Ah, it sounds like your server is having a networking problem then.

First off, is your Internet online, and can other machines on the network access the Internet (especially the host system)?

If so, you may need to review your network settings on your server, such as the gateway, to verify that it's all setup as expected.

The fact that I can RDP into the host machine indicates no network issue in the datacentre. Also we have a Windows VM that handles email and that's running fine. The issue lies with the updates I installed today and after the reboot. But I don't know what it might be. I tried turning of the firewall but it is already disabled. Any other thoughts?

I'd be surprised if it were related to the updates, though it could be related to the reboot.

Some sort of network setting may have been changed at some point in the config files, and rebooting may have activated that.

My suggestion is to review the network settings being used by your server, since it doesn't appear to be able to get outside the LAN. It could be that there is a missing or incorrect gateway.

I checked /etc/network/interfaces and all appears as it should. Am going to try and restore a backup made the day before yesterday. However I'm not overly confident in that and any support I can get here in Oz wont be for another 8 hours. I've shut the VM down for the moment while the restore is in progress as resources may dwindle to nothing if both are running alongside the Windows VM.

Actually my nerve failed on doing the restore.
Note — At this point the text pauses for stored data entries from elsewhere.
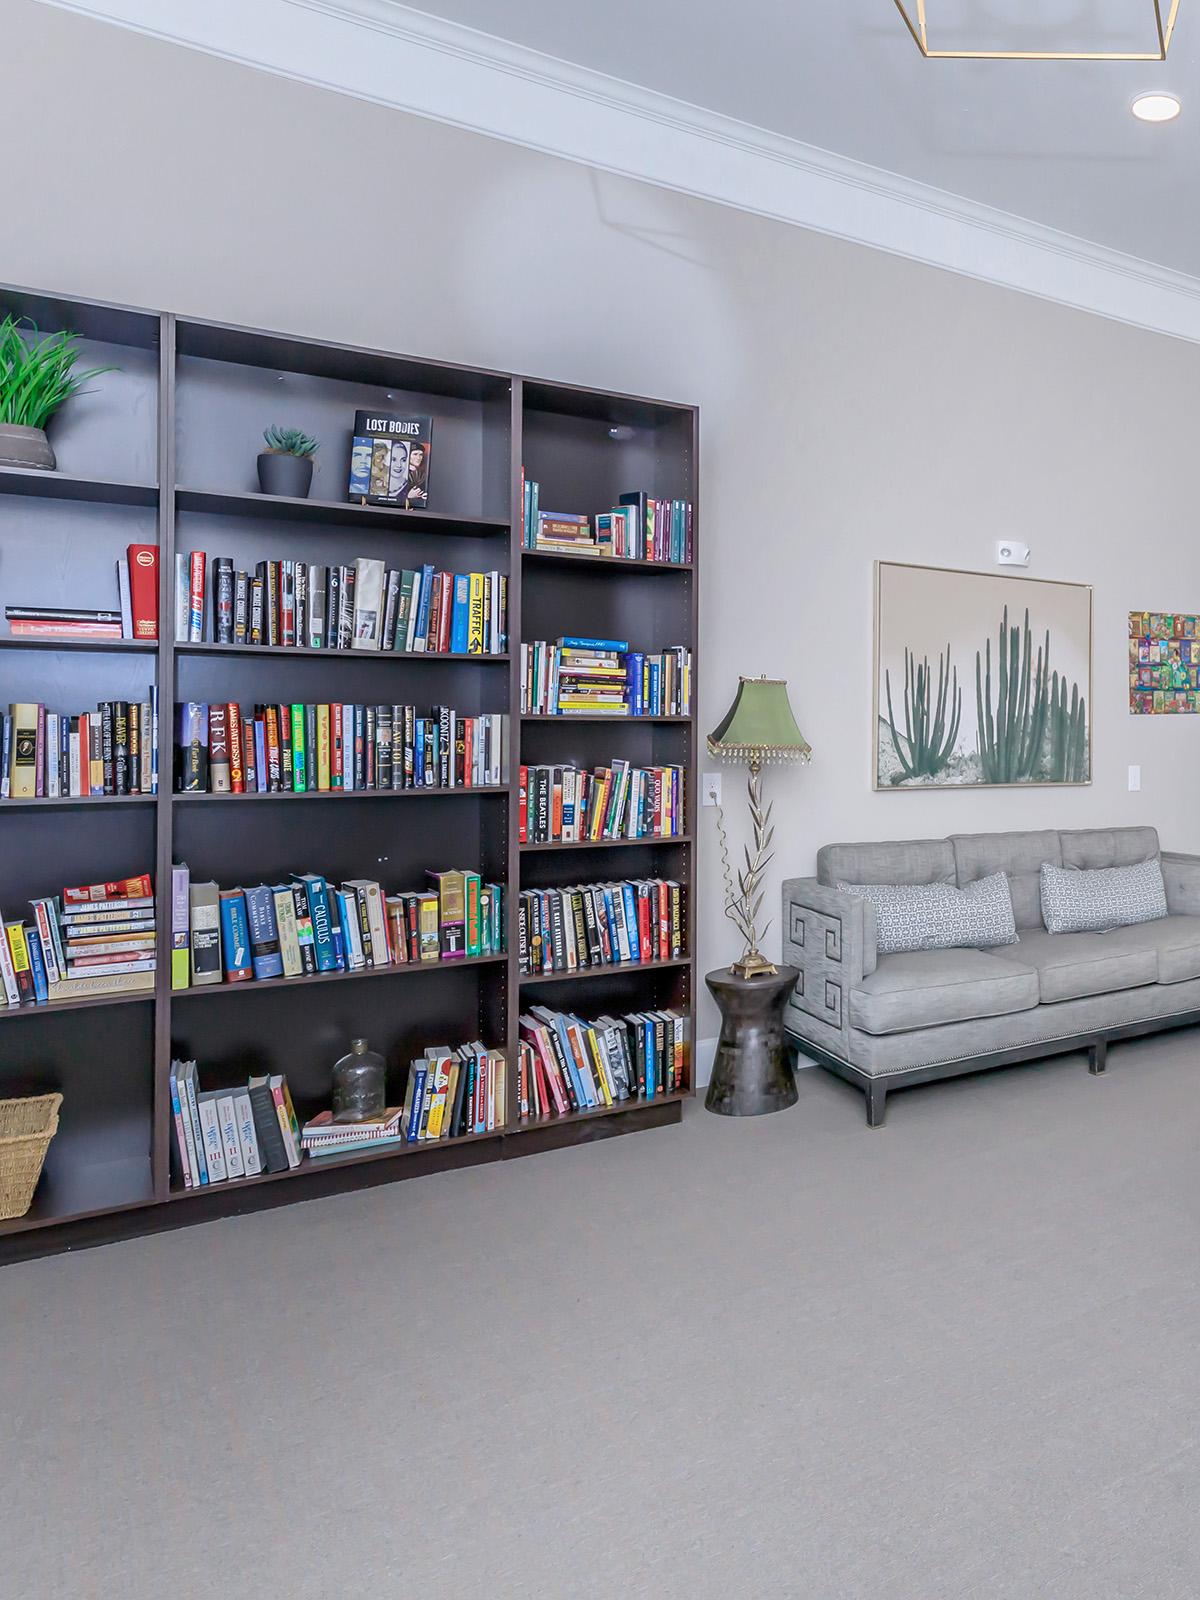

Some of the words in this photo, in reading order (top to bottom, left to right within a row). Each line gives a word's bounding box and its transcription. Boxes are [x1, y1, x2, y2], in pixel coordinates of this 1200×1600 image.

[366, 418, 388, 432] LOST
[389, 421, 420, 435] BODIES
[237, 580, 245, 599] MICHAEL
[252, 586, 262, 606] MICHAEL
[237, 600, 245, 623] CONNELLY
[253, 607, 262, 629] CONNELLY
[472, 598, 482, 635] TRAFFIC
[229, 706, 238, 728] JAMES
[440, 710, 449, 742] KOONTZ
[115, 717, 127, 744] DEAVER
[393, 721, 401, 745] LAW
[230, 728, 240, 768] PATTERSON
[393, 748, 401, 765] 101
[283, 749, 291, 772] PRIVATE
[294, 892, 303, 917] BROKAW
[571, 895, 582, 911] ICON
[672, 888, 680, 904] DAVID
[250, 895, 260, 939] COMMENTARY
[584, 892, 595, 928] BERNSTEIN
[672, 904, 680, 930] BALDACCI
[314, 904, 330, 944] CALCULUS
[554, 928, 562, 956] ATKINSON
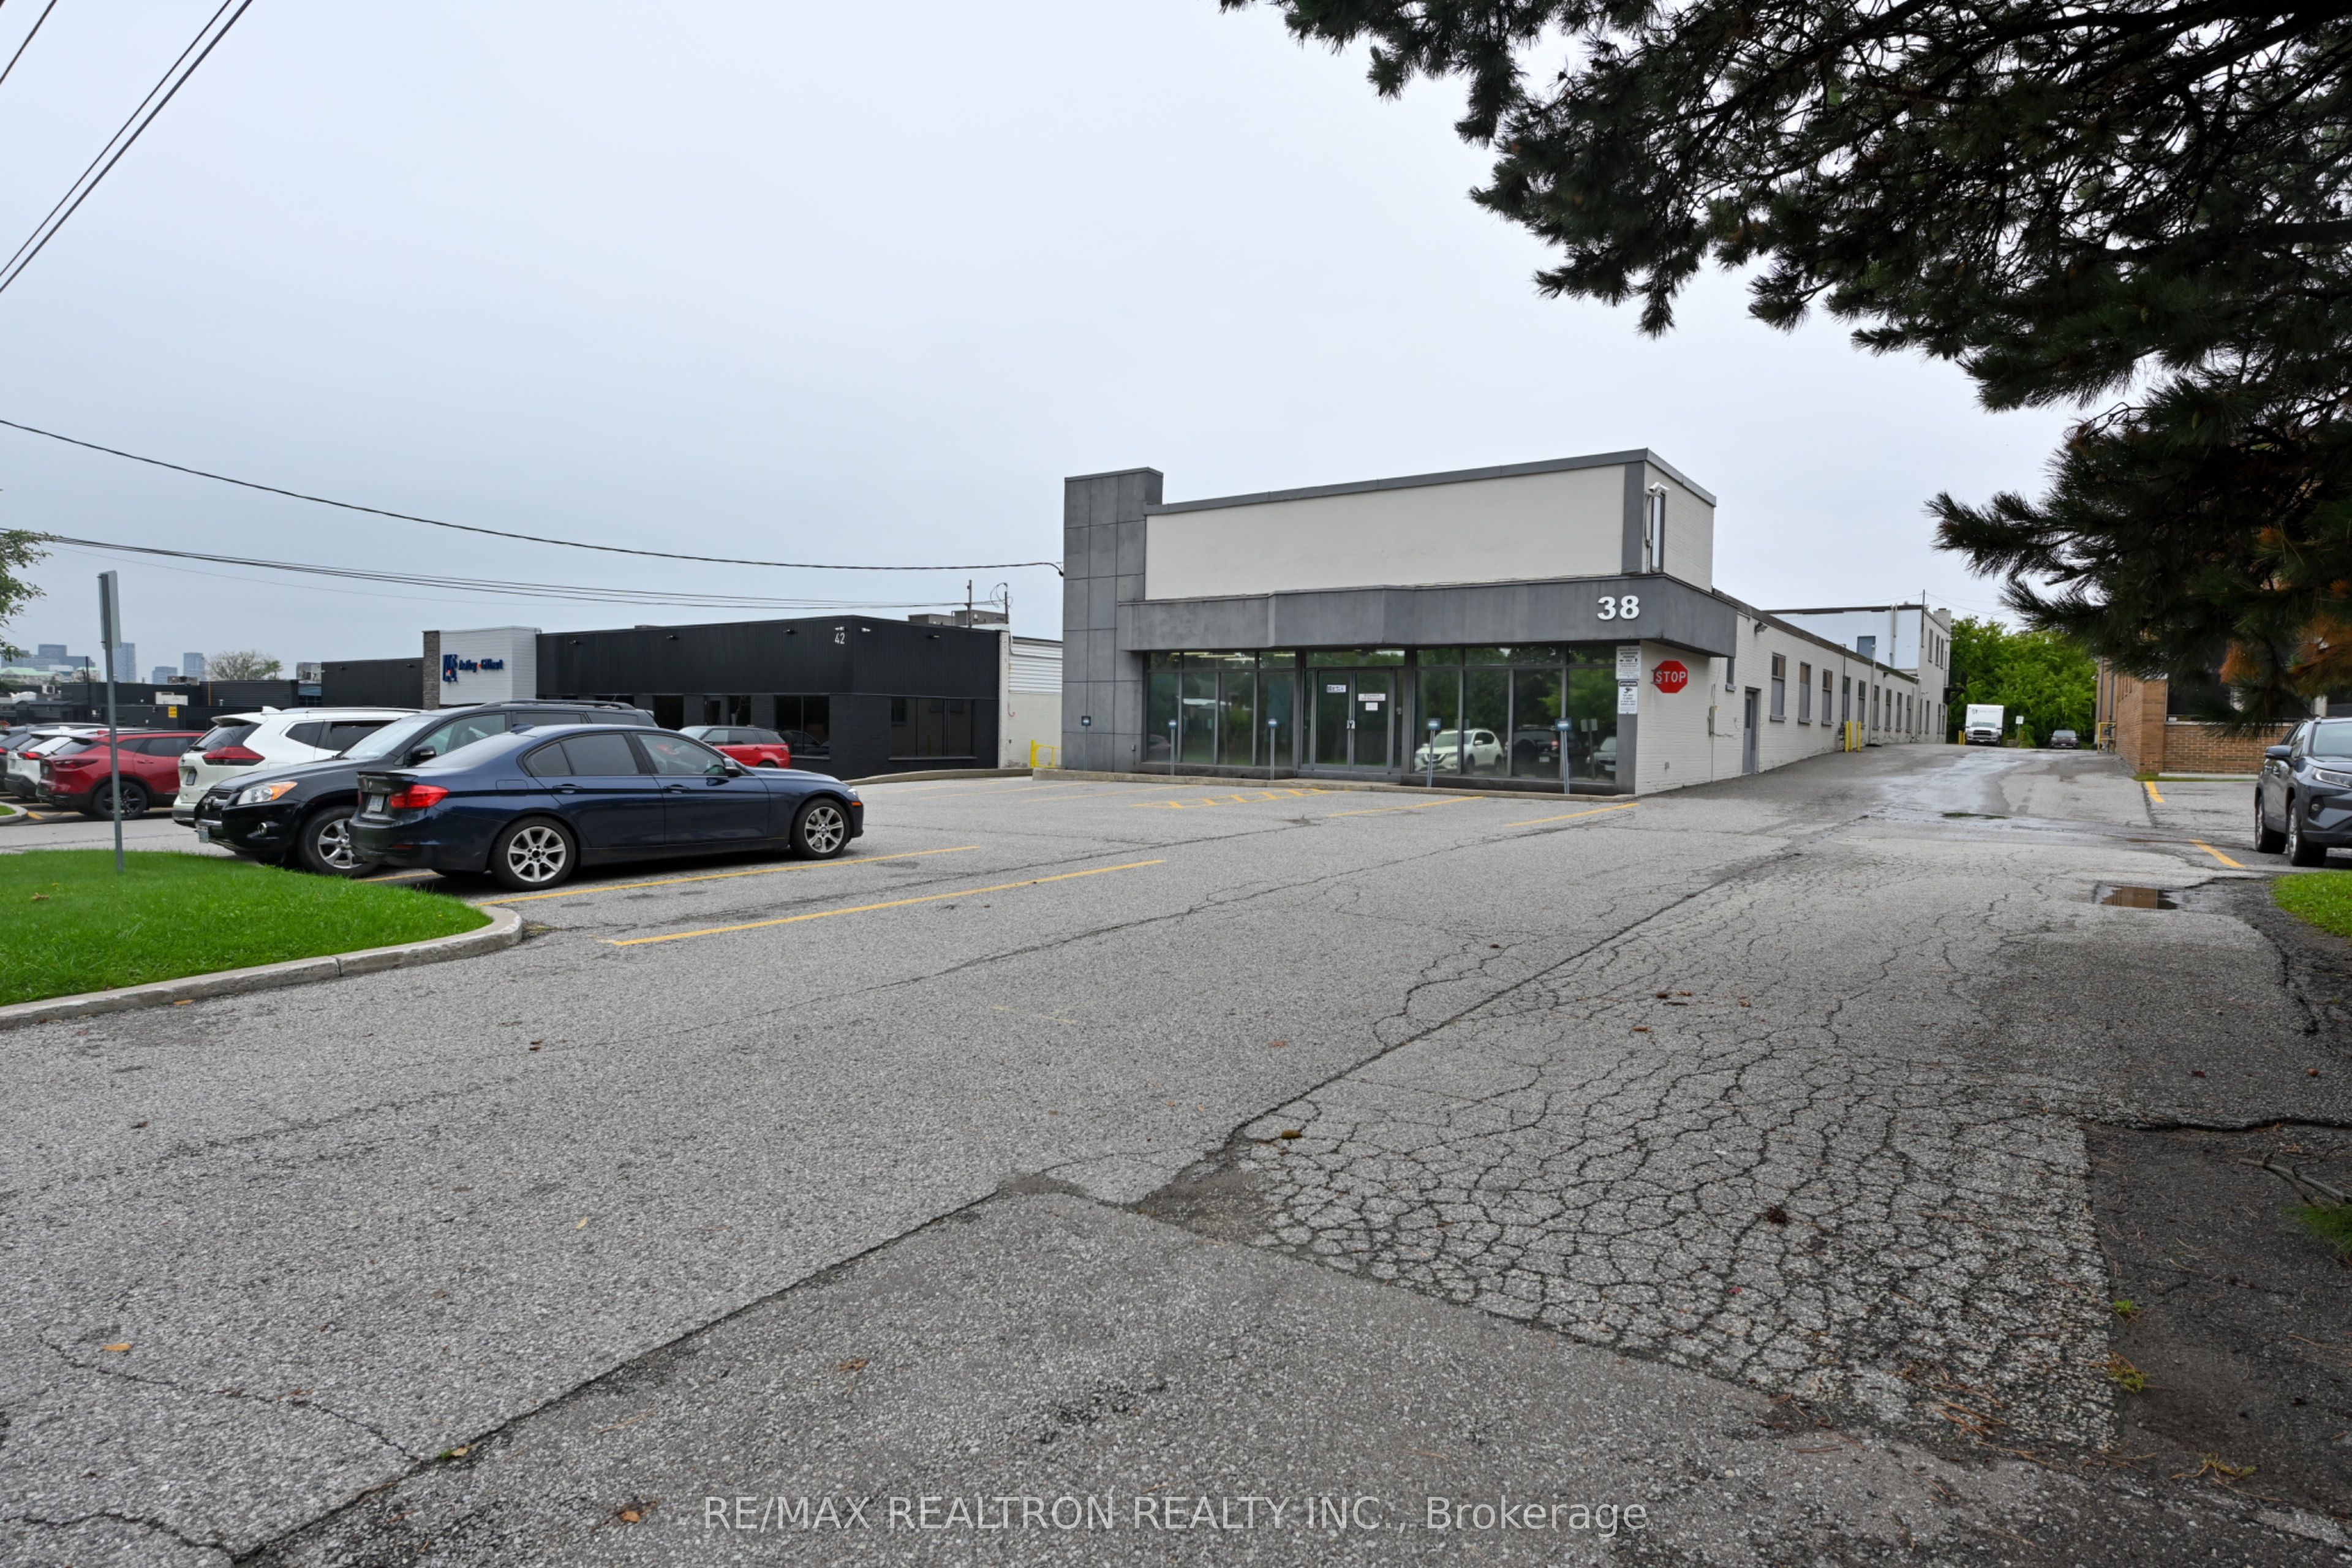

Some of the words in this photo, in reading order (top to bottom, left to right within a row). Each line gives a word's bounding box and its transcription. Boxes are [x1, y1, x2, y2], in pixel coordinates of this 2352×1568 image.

[1597, 595, 1640, 620] 38
[835, 632, 845, 644] 42
[1656, 671, 1686, 683] STOP
Will have to wait till I can call the help line. Thanks anyway.

I'd be curious what the output of these commands are:

iptables -L -n
route -n
/sbin/ifconfig

I suspect you don't need to restore, and that may not fix the issue anyhow, it may just be a configuration option that needs tweaked.

Hi, first command Error: could not insert 'ip_tables' : Operation not permitted. Iptables v1.4.21: can't initialize iptable filter : table does not exist (do you need insmod?) Perhaps iptables or your kernel needs to be upgraded.

Second command Destination Gatewway Genmask Flags Metric Ref Use Iface 0.0.0.0 111.223.233.17 0.0.0.0 UG 0 0 0 eth0 111.223.233.16 0.0.0.0 255.255.255.240 U 0 0 0 eth0 192.168.3.0 0.0.0.0 255.255.255.0 U 0 0 0 eth1

Third command eth0 Link encap: Ethernet HWaddr (MAC address) followed by the address of the server and a lot of other stuff that's too much to type :)

It doesn't sound like a firewall is the issue, as it doesn't look like the various firewall modules are loaded.

It really looks like you're experiencing a networking issue of some kind.

However, I'm not familiar with the network setup there, so that's unfortunately not something I would know how to fix.

My suggestion would be to triple-check the network settings for eth0.

It looks like the gateway is setup as 111.223.233.17, 111.223.233.16 is the network IP, and netmask of 255.255.255.240.

Also, as a troubleshooting step, you may want to consider bringing eth1 offline temporarily (assuming that's the LAN IP), just to rule out some sort of unusual issue there.

Thanks for that. Managed to SSH in via PuTTy on the host machine using the LAN ip address of the server. Can now copy and paste to and from the Virtualmin machine. Have decided that it's time to restore as tech support shouldn't be too far away (it's just gone 8:30am).

Having said that I've shutdown the original machine and if what you think is true, the restored machine should exhibit the same issues. If it does I can shut the restored machine down and bootup the old one. At least that's the theory I'm currently working on. I'm currently at 72% of the restore process.

Ok then you are right, the restored machine is doing the same thing. So am shutting it down and rebooting the original.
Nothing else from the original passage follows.